The flip side of this process is that there are new avenues through which the private sector can garner windfall gains that raise private profits, increase internal resources and allow for an acceleration of private capital accumulation. There is ample evidence of a substantial increase in private profitability, corporate savings and private wealth since the launch of liberalisation and especially during this decade. But this has been attributed to the entrepreneurial energy released by liberalisation, with no role given to the benefits from transfers engineered by the state. In fact, when discussions of corruption occur, the possibility that it serves as a mechanism for private aggrandisement receives little attention. The tenor of the discourse is that the virus of corruption afflicts only the government officials and politicians who control and misuse state power. But increasingly corruption appears to reflect payments made by the private sector to realise illegitimate gains that are not merely violative of fair practice and/or the law, but damaging from the development, environmental or fiscal points of view. Given the large amounts that can be garnered in this fashion the state seems to be turning into an important site for primitive accumulation for the private sector during the phase of liberalisation and economic reform. If true, this makes the private sector not just complicit but a participant in the acts of corruption, if any, involved.
Those making illegitimate or excessively large windfall gains may need to evade the tax and/or other laws of the country. This encourages the illicit transfer of wealth out of the country which too is facilitated by liberalisation. According to a recent estimate by the Global Financial Integrity programme of the Centre for International Policy, the money that had illicitly flown out of India to accounts abroad over its post-Independence history stretching from 1948 through 2008 was around $213 billion, the present value of which equals 36 per cent of India's GDP in 2008. Interestingly, there are signs that the outflow has increased substantially. According to the report titled The Drivers and Dynamics of Illicit Financial Flows from India: 1948-2008, “68 percent of India's aggregate illicit capital loss occurred after India's economic reforms in 1991, indicating that deregulation and trade liberalization actually contributed to/accelerated the transfer of illicit money abroad.”

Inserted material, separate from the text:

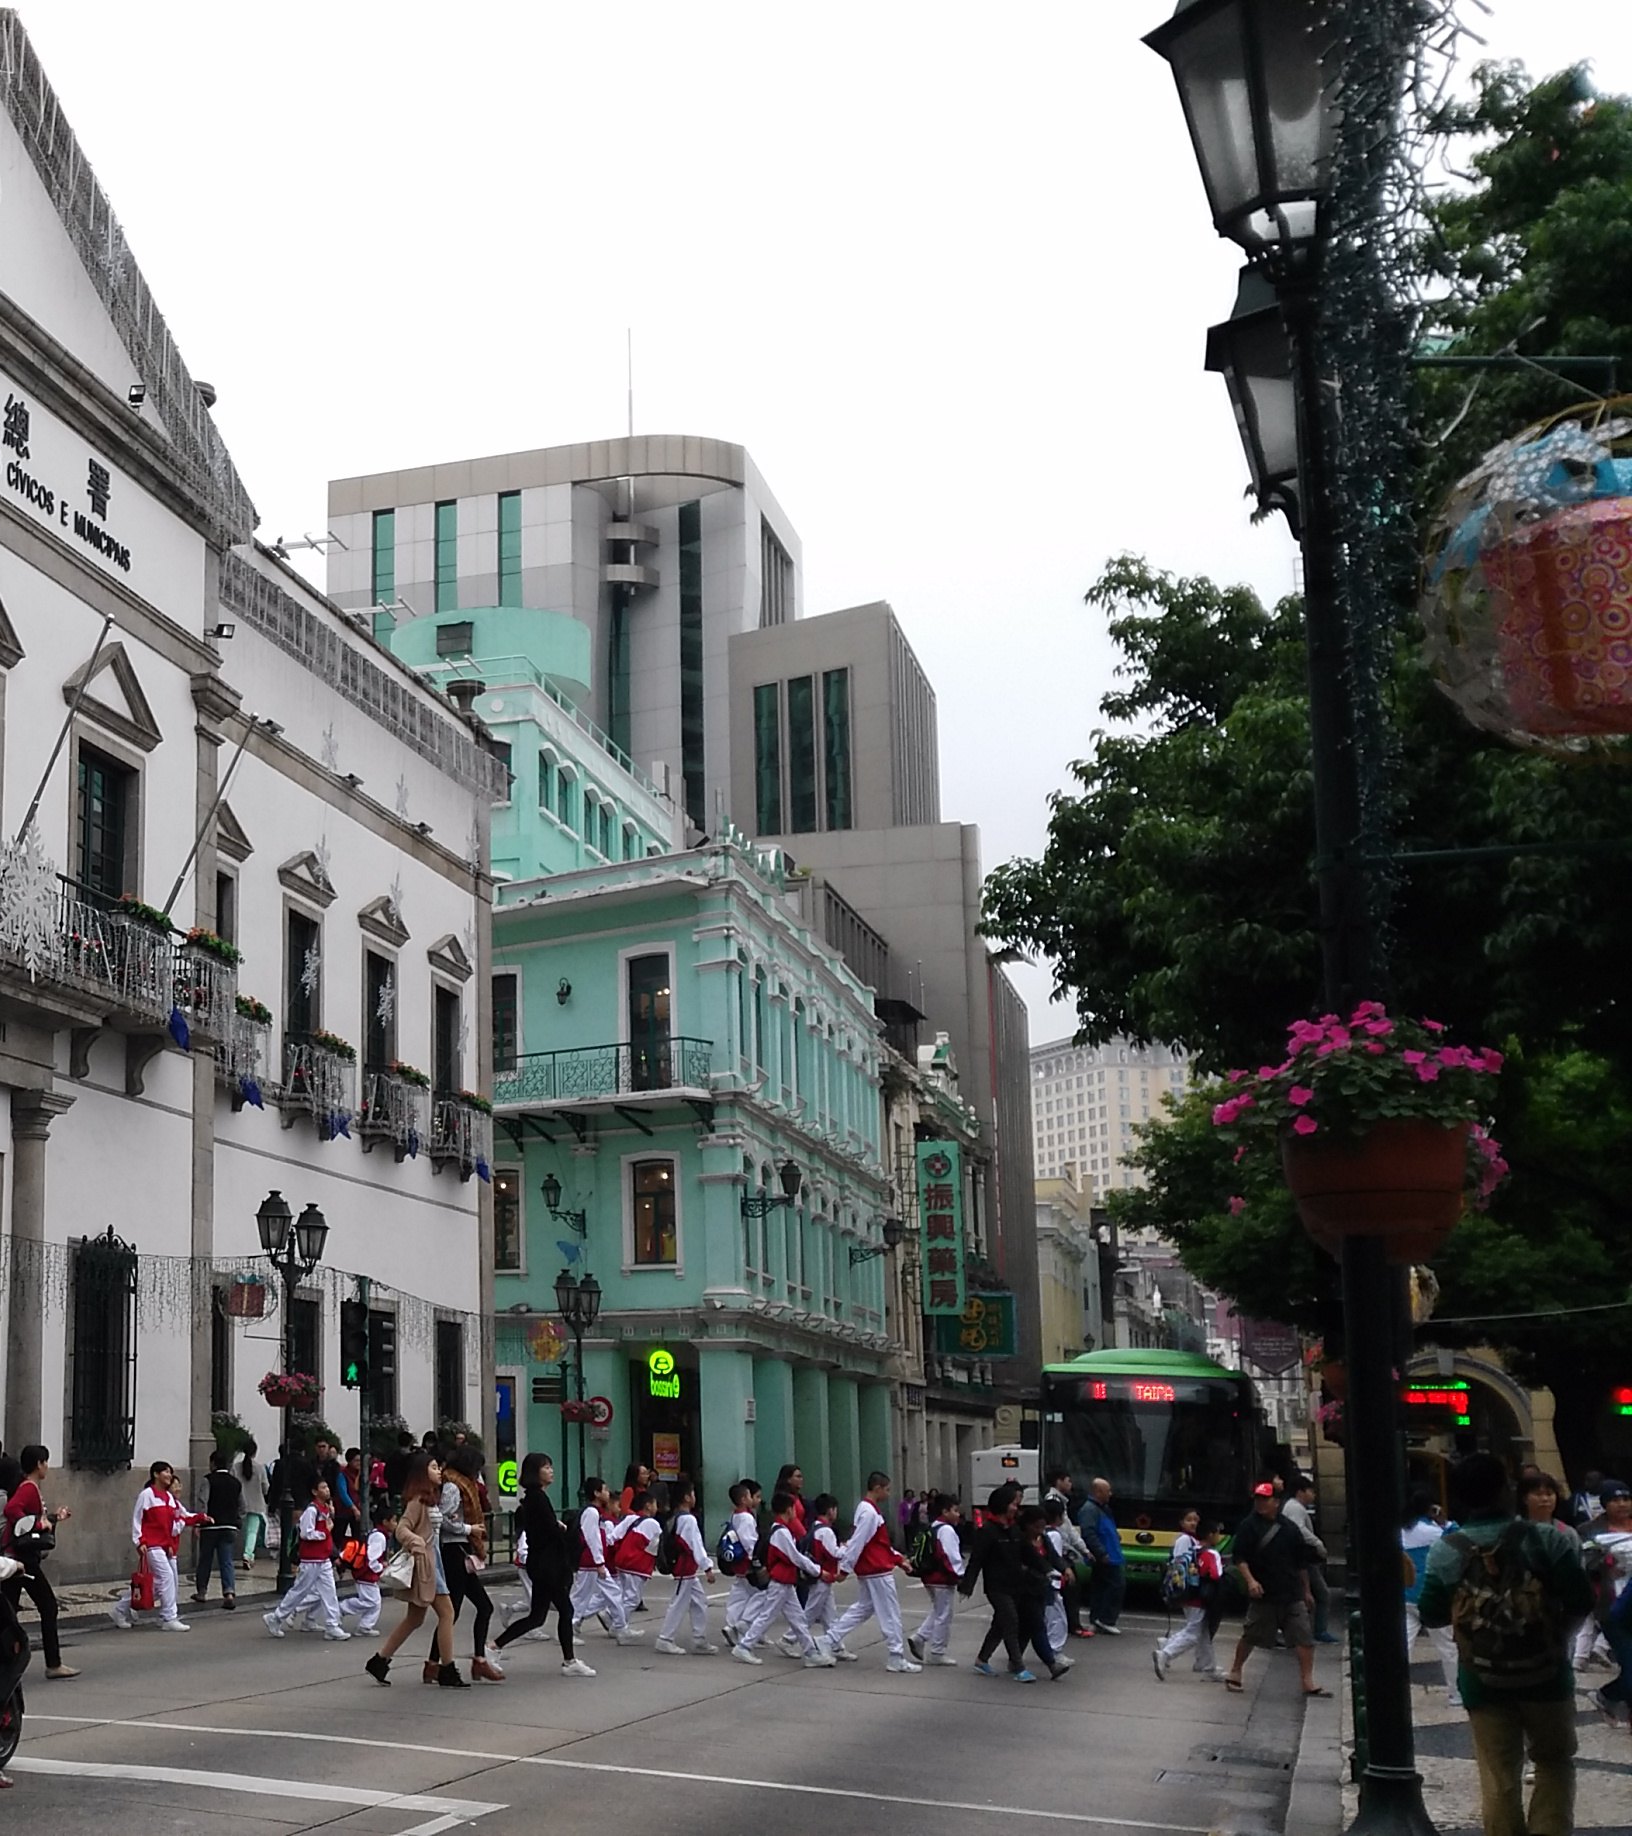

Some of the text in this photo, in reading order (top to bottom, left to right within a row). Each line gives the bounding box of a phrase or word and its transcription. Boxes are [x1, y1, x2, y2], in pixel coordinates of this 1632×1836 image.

[6, 460, 55, 516] CÍVICOS
[60, 500, 69, 527] E
[74, 510, 131, 573] MUNICIPAIS

Thus, a feature of the new liberalised economic environment is an increase in the instances of alleged corruption. But this feature tends to be missed. In a world where profit making and the accumulation of wealth is celebrated and rewarded, where it is the “bottom line” that finally matters, unless circumstances lead to the detection of fraud or a violation of the law, an increase in the wealth of a private sector player is normally seen as a virtue and a reflection of “entrepreneurship” and “innovation.”
This does limit the degree to which the problem of corruption can be addressed. If corruption tends to be embedded in the process of accumulation it is expected that it would be far more present than would otherwise be the case. Whenever allegations of corruption emerge because of “leaks” possibly triggered by corporate or political rivalry, controversy ensues and investigations begin, but little of significance results. This makes the demand for better ways of investigating and awarding punishment in proven cases of corruption eminently sensible. But this alone would not do. What is required is a change in the policy regime that legitimises the conversion of the state into a site for the primitive accumulation of capital. Also required is caution when celebrating evidence of quick and substantial enrichment of sections of the private sector.